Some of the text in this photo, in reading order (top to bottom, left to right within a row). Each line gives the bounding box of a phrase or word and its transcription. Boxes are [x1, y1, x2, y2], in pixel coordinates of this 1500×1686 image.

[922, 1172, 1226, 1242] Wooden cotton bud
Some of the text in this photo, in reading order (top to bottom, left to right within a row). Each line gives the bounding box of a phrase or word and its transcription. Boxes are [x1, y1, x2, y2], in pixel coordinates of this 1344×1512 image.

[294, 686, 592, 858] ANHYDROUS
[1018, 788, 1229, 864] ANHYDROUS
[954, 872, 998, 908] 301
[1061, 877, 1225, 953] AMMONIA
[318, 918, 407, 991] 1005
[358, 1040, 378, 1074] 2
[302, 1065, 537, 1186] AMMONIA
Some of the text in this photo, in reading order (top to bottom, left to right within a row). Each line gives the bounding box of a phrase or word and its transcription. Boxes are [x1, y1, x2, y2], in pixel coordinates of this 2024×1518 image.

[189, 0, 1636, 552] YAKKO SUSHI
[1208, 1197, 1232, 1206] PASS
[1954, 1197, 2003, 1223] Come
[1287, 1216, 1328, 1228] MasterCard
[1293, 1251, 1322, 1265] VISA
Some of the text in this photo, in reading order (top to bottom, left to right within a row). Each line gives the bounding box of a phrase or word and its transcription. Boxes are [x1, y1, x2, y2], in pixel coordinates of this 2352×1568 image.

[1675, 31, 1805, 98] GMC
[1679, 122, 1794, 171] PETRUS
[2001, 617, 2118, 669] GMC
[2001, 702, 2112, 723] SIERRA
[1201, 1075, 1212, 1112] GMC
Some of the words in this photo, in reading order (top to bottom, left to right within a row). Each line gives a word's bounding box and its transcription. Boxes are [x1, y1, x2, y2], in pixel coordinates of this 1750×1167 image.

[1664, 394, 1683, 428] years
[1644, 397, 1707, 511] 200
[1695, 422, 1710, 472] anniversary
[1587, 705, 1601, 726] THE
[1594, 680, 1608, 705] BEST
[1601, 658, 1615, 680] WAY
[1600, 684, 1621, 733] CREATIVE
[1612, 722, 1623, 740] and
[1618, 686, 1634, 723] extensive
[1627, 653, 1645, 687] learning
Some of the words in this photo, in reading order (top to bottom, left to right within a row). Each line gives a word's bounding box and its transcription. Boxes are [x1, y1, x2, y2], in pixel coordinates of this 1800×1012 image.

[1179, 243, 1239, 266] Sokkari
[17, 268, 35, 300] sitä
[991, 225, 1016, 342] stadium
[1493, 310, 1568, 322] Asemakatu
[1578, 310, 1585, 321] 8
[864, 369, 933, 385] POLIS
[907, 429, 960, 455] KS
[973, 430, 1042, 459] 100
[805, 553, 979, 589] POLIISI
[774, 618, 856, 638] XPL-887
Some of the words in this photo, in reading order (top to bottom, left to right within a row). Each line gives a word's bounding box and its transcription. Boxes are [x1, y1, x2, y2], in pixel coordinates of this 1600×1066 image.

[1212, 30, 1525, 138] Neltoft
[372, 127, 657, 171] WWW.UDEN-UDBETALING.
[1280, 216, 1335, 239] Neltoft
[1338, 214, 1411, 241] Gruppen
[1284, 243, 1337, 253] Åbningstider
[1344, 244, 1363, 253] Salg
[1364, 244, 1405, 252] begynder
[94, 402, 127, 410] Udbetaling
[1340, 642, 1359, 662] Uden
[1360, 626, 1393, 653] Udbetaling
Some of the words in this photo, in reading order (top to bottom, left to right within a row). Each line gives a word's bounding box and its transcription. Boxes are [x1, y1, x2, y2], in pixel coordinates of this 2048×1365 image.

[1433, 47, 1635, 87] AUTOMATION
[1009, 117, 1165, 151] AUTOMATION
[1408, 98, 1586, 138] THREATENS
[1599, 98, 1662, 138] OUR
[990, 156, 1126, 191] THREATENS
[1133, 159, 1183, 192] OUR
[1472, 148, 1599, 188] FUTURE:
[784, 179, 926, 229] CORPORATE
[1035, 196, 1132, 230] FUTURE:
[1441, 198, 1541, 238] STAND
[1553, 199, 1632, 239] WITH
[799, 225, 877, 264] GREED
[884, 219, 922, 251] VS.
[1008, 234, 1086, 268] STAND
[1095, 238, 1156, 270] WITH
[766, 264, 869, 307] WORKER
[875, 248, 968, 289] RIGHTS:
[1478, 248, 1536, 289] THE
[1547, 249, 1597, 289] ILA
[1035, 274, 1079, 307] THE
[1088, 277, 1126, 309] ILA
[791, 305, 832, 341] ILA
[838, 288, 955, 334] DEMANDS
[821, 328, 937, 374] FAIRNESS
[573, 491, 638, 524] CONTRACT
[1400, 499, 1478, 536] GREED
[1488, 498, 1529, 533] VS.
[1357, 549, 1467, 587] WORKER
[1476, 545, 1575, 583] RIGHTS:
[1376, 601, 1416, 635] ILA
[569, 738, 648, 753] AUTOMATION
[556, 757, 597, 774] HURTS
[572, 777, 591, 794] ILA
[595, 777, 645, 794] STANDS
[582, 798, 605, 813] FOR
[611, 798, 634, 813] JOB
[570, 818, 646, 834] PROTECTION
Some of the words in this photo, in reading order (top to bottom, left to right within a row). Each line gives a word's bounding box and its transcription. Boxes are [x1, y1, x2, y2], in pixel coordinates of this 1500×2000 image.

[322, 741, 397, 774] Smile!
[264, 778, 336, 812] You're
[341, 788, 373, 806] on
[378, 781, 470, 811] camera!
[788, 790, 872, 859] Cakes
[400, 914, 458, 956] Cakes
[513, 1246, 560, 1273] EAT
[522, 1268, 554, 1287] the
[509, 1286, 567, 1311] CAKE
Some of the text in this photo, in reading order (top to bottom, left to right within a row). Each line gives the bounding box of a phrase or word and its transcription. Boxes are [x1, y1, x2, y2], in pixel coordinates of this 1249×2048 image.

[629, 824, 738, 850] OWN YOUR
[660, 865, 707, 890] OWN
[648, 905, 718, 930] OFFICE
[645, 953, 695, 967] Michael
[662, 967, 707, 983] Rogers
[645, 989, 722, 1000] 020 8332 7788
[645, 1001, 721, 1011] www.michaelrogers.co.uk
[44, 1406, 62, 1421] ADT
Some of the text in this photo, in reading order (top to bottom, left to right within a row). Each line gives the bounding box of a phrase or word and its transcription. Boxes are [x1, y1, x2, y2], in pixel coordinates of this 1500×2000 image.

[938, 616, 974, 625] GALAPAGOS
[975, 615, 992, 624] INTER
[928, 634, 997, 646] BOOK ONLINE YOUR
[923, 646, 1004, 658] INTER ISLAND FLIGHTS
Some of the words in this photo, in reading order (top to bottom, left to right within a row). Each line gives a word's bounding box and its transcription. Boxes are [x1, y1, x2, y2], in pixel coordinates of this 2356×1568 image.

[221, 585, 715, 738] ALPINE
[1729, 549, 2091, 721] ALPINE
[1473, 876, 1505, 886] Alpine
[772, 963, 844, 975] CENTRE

::::::::

*How to complete this task:* What you hand back must match the records above exactly.

*Task output:*
Some of the text in this photo, in reading order (top to bottom, left to right within a row). Each line gives the bounding box of a phrase or word and its transcription. Boxes are [x1, y1, x2, y2], in pixel coordinates of this 1500×1686 image.

[922, 1172, 1226, 1242] Wooden cotton bud
Some of the text in this photo, in reading order (top to bottom, left to right within a row). Each line gives the bounding box of a phrase or word and its transcription. Boxes are [x1, y1, x2, y2], in pixel coordinates of this 1344×1512 image.

[294, 686, 592, 858] ANHYDROUS
[1018, 788, 1229, 864] ANHYDROUS
[954, 872, 998, 908] 301
[1061, 877, 1225, 953] AMMONIA
[318, 918, 407, 991] 1005
[358, 1040, 378, 1074] 2
[302, 1065, 537, 1186] AMMONIA
Some of the text in this photo, in reading order (top to bottom, left to right within a row). Each line gives the bounding box of a phrase or word and its transcription. Boxes are [x1, y1, x2, y2], in pixel coordinates of this 2024×1518 image.

[189, 0, 1636, 552] YAKKO SUSHI
[1208, 1197, 1232, 1206] PASS
[1954, 1197, 2003, 1223] Come
[1287, 1216, 1328, 1228] MasterCard
[1293, 1251, 1322, 1265] VISA
Some of the text in this photo, in reading order (top to bottom, left to right within a row). Each line gives the bounding box of a phrase or word and its transcription. Boxes are [x1, y1, x2, y2], in pixel coordinates of this 2352×1568 image.

[1675, 31, 1805, 98] GMC
[1679, 122, 1794, 171] PETRUS
[2001, 617, 2118, 669] GMC
[2001, 702, 2112, 723] SIERRA
[1201, 1075, 1212, 1112] GMC
Some of the words in this photo, in reading order (top to bottom, left to right within a row). Each line gives a word's bounding box and its transcription. Boxes are [x1, y1, x2, y2], in pixel coordinates of this 1750×1167 image.

[1664, 394, 1683, 428] years
[1644, 397, 1707, 511] 200
[1695, 422, 1710, 472] anniversary
[1587, 705, 1601, 726] THE
[1594, 680, 1608, 705] BEST
[1601, 658, 1615, 680] WAY
[1600, 684, 1621, 733] CREATIVE
[1612, 722, 1623, 740] and
[1618, 686, 1634, 723] extensive
[1627, 653, 1645, 687] learning
Some of the words in this photo, in reading order (top to bottom, left to right within a row). Each line gives a word's bounding box and its transcription. Boxes are [x1, y1, x2, y2], in pixel coordinates of this 1800×1012 image.

[1179, 243, 1239, 266] Sokkari
[17, 268, 35, 300] sitä
[991, 225, 1016, 342] stadium
[1493, 310, 1568, 322] Asemakatu
[1578, 310, 1585, 321] 8
[864, 369, 933, 385] POLIS
[907, 429, 960, 455] KS
[973, 430, 1042, 459] 100
[805, 553, 979, 589] POLIISI
[774, 618, 856, 638] XPL-887
Some of the words in this photo, in reading order (top to bottom, left to right within a row). Each line gives a word's bounding box and its transcription. Boxes are [x1, y1, x2, y2], in pixel coordinates of this 1600×1066 image.

[1212, 30, 1525, 138] Neltoft
[372, 127, 657, 171] WWW.UDEN-UDBETALING.
[1280, 216, 1335, 239] Neltoft
[1338, 214, 1411, 241] Gruppen
[1284, 243, 1337, 253] Åbningstider
[1344, 244, 1363, 253] Salg
[1364, 244, 1405, 252] begynder
[94, 402, 127, 410] Udbetaling
[1340, 642, 1359, 662] Uden
[1360, 626, 1393, 653] Udbetaling
Some of the words in this photo, in reading order (top to bottom, left to right within a row). Each line gives a word's bounding box and its transcription. Boxes are [x1, y1, x2, y2], in pixel coordinates of this 2048×1365 image.

[1433, 47, 1635, 87] AUTOMATION
[1009, 117, 1165, 151] AUTOMATION
[1408, 98, 1586, 138] THREATENS
[1599, 98, 1662, 138] OUR
[990, 156, 1126, 191] THREATENS
[1133, 159, 1183, 192] OUR
[1472, 148, 1599, 188] FUTURE:
[784, 179, 926, 229] CORPORATE
[1035, 196, 1132, 230] FUTURE:
[1441, 198, 1541, 238] STAND
[1553, 199, 1632, 239] WITH
[799, 225, 877, 264] GREED
[884, 219, 922, 251] VS.
[1008, 234, 1086, 268] STAND
[1095, 238, 1156, 270] WITH
[766, 264, 869, 307] WORKER
[875, 248, 968, 289] RIGHTS:
[1478, 248, 1536, 289] THE
[1547, 249, 1597, 289] ILA
[1035, 274, 1079, 307] THE
[1088, 277, 1126, 309] ILA
[791, 305, 832, 341] ILA
[838, 288, 955, 334] DEMANDS
[821, 328, 937, 374] FAIRNESS
[573, 491, 638, 524] CONTRACT
[1400, 499, 1478, 536] GREED
[1488, 498, 1529, 533] VS.
[1357, 549, 1467, 587] WORKER
[1476, 545, 1575, 583] RIGHTS:
[1376, 601, 1416, 635] ILA
[569, 738, 648, 753] AUTOMATION
[556, 757, 597, 774] HURTS
[572, 777, 591, 794] ILA
[595, 777, 645, 794] STANDS
[582, 798, 605, 813] FOR
[611, 798, 634, 813] JOB
[570, 818, 646, 834] PROTECTION
Some of the words in this photo, in reading order (top to bottom, left to right within a row). Each line gives a word's bounding box and its transcription. Boxes are [x1, y1, x2, y2], in pixel coordinates of this 1500×2000 image.

[322, 741, 397, 774] Smile!
[264, 778, 336, 812] You're
[341, 788, 373, 806] on
[378, 781, 470, 811] camera!
[788, 790, 872, 859] Cakes
[400, 914, 458, 956] Cakes
[513, 1246, 560, 1273] EAT
[522, 1268, 554, 1287] the
[509, 1286, 567, 1311] CAKE
Some of the text in this photo, in reading order (top to bottom, left to right within a row). Each line gives the bounding box of a phrase or word and its transcription. Boxes are [x1, y1, x2, y2], in pixel coordinates of this 1249×2048 image.

[629, 824, 738, 850] OWN YOUR
[660, 865, 707, 890] OWN
[648, 905, 718, 930] OFFICE
[645, 953, 695, 967] Michael
[662, 967, 707, 983] Rogers
[645, 989, 722, 1000] 020 8332 7788
[645, 1001, 721, 1011] www.michaelrogers.co.uk
[44, 1406, 62, 1421] ADT
Some of the text in this photo, in reading order (top to bottom, left to right within a row). Each line gives the bounding box of a phrase or word and its transcription. Boxes are [x1, y1, x2, y2], in pixel coordinates of this 1500×2000 image.

[938, 616, 974, 625] GALAPAGOS
[975, 615, 992, 624] INTER
[928, 634, 997, 646] BOOK ONLINE YOUR
[923, 646, 1004, 658] INTER ISLAND FLIGHTS
Some of the words in this photo, in reading order (top to bottom, left to right within a row). Each line gives a word's bounding box and its transcription. Boxes are [x1, y1, x2, y2], in pixel coordinates of this 2356×1568 image.

[221, 585, 715, 738] ALPINE
[1729, 549, 2091, 721] ALPINE
[1473, 876, 1505, 886] Alpine
[772, 963, 844, 975] CENTRE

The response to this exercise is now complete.